THANK HEAVENS we learned our lesson from the stock market commotion of the past five years. It's the long-term that matters, we now know. Put quarterly profit results calmly in perspective, and don't play the "expectations" game in which companies must exceed some arbitrary hurdle or else.
So when Black & Decker's fourth-quarter earnings beat analysts' estimates by 3 cents a share last week but failed to exceed an even higher "whisper" number, we knew exactly how to behave.
SELL!! Call Homeland Security, too.
Black & Decker's stock fell almost $4 a share, or 5 percent, whacking $300 million off the Towson toolmaker's value the same day it reported the best quarterly sales and profits in its history.
The chipmunk-cortex method of portfolio management is back in business. Maybe CNBC, Scottrade and the other operations dedicated to the proposition that 1.5 billion shares trading daily on the New York Stock Exchange is "light volume" don't have anything to worry about after all.

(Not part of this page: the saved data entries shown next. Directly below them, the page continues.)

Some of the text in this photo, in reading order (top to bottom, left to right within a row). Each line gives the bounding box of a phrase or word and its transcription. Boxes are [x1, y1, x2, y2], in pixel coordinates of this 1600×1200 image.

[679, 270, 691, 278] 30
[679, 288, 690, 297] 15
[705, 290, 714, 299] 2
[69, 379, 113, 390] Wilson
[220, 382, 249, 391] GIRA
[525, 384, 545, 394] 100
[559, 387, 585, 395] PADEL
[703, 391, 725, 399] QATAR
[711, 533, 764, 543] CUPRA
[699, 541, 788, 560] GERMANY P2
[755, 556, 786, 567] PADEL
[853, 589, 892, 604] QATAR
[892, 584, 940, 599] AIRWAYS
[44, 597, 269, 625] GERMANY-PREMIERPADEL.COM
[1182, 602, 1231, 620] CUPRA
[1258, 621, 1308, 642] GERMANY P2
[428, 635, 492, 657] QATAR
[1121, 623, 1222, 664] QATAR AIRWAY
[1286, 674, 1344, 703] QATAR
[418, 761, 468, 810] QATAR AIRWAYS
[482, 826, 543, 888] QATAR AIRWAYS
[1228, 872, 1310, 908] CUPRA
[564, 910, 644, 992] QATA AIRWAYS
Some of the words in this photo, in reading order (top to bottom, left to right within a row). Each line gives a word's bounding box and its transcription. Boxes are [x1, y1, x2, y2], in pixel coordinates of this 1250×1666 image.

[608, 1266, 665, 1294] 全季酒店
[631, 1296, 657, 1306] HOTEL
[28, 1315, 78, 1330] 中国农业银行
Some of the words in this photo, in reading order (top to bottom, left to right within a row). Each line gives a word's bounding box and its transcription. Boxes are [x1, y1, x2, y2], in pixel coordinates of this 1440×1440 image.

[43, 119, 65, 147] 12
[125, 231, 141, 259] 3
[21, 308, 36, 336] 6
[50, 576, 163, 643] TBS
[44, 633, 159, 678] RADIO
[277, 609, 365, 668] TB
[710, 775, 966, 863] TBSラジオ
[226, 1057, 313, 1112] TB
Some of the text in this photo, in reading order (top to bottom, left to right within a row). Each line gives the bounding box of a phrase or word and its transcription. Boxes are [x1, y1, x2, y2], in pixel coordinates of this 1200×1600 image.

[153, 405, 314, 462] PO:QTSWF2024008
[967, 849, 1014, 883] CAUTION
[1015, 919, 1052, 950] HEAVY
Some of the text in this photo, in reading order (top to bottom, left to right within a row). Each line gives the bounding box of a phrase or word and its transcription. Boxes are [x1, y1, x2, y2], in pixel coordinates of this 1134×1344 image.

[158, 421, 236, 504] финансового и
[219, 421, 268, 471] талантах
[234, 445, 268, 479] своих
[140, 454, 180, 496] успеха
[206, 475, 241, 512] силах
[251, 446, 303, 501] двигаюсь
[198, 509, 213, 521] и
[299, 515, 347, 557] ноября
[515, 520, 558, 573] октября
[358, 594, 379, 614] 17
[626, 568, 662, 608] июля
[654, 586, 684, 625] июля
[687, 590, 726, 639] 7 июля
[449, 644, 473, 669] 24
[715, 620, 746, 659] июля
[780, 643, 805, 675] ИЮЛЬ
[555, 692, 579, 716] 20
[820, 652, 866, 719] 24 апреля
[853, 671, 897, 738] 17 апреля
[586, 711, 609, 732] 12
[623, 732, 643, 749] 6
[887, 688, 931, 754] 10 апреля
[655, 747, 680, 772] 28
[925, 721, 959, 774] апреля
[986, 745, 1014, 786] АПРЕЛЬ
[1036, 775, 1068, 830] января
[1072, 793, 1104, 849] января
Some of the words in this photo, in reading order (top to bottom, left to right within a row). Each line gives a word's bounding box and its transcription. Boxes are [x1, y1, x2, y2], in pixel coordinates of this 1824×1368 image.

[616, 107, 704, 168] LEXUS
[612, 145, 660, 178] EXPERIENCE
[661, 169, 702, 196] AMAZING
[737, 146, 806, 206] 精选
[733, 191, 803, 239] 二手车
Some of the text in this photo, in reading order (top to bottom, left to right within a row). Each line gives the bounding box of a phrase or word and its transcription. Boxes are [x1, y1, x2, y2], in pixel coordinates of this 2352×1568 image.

Black & Decker's problem was instantly diagnosed by the people on the Yahoo Internet message boards, who approached it with their usual sagacity and decorum.
"I can't believe this!!!!," "You Idiots!!!!" and "SMELL THE COFFEE" were headers on the more informative postings. The reasons to dump Black & Decker's stock, the discussants believed, were insider selling, dubious acquisitions or disturbing patterns in the technical entrails. Or maybe competition from companies with better lithium-ion batteries.
But don't blame Black & Decker's dive on a couple of unshaven day traders. More than 3 million shares changed hands the day earnings came out - five times normal.
The company's real problem, FTN Midwest analyst Eric Bosshard told The Sun, was that investors had "very high expectations" for the quarter.
Boy, did they. Their expectations didn't just include a 29 percent sales increase, which Black & Decker achieved. They didn't just want even bigger growth in profits - 36 percent, as it turned out. The $526 million in free cash flow Black & Decker generated last year was also fabulous - but not quite the thing.
The investors wanted even better results, results - I don't know - like the ones WorldCom, HealthSouth and Enron delivered in the 1990s. They apparently wanted book-cooking and fantasy, but Black & Decker told the truth. And for that it got penalized.
(When any company announces that it missed analysts' estimates I give it a little gold credibility seal. If executives were going to lie they'd at least make the quarter.)
The most-negative information in last week's earnings report appears to have been Black & Decker chief executive Nolan D. Archibald's forecast of "low to mid-single-digit sales growth" for 2005 even as he expects profit growth to continue expanding at a double-digit rate.
That shouldn't have been a surprise, since sales grew 20 percent last year and adding revenue on top of that would naturally be difficult. This is a toolmaker, after all, not some biotech outfit with parabolic sales projections built into the stock.
And growth is growth, Black & Decker tends to under-promise and over-deliver, and profit margins continue to expand. At 13 times next year's estimated earnings and paying a 1 percent dividend, the stock is not expensive.
And the company is a cash machine, sitting on $514 million that might be employed in share buybacks or dividend increases.
Investors seemed to rethink their aversion to Black & Decker by the end of last week. After the earnings-day disaster, the stock rose $1.44 to close the week at $80.91.
I don't know whether Black & Decker will go up or go down from here, and I don't care. I don't own it or any other stock I write about.
But I do know that there wasn't enough information in last week's announcement to trim $300 million off Black & Decker's value in a day. Awhile back, Harvey L. Pitt, then Securities and Exchange Commission chairman, briefly flirted with the idea of requiring companies to disclose financial results more often, such as once a month.
No thanks, Harvey. Once a quarter is plenty.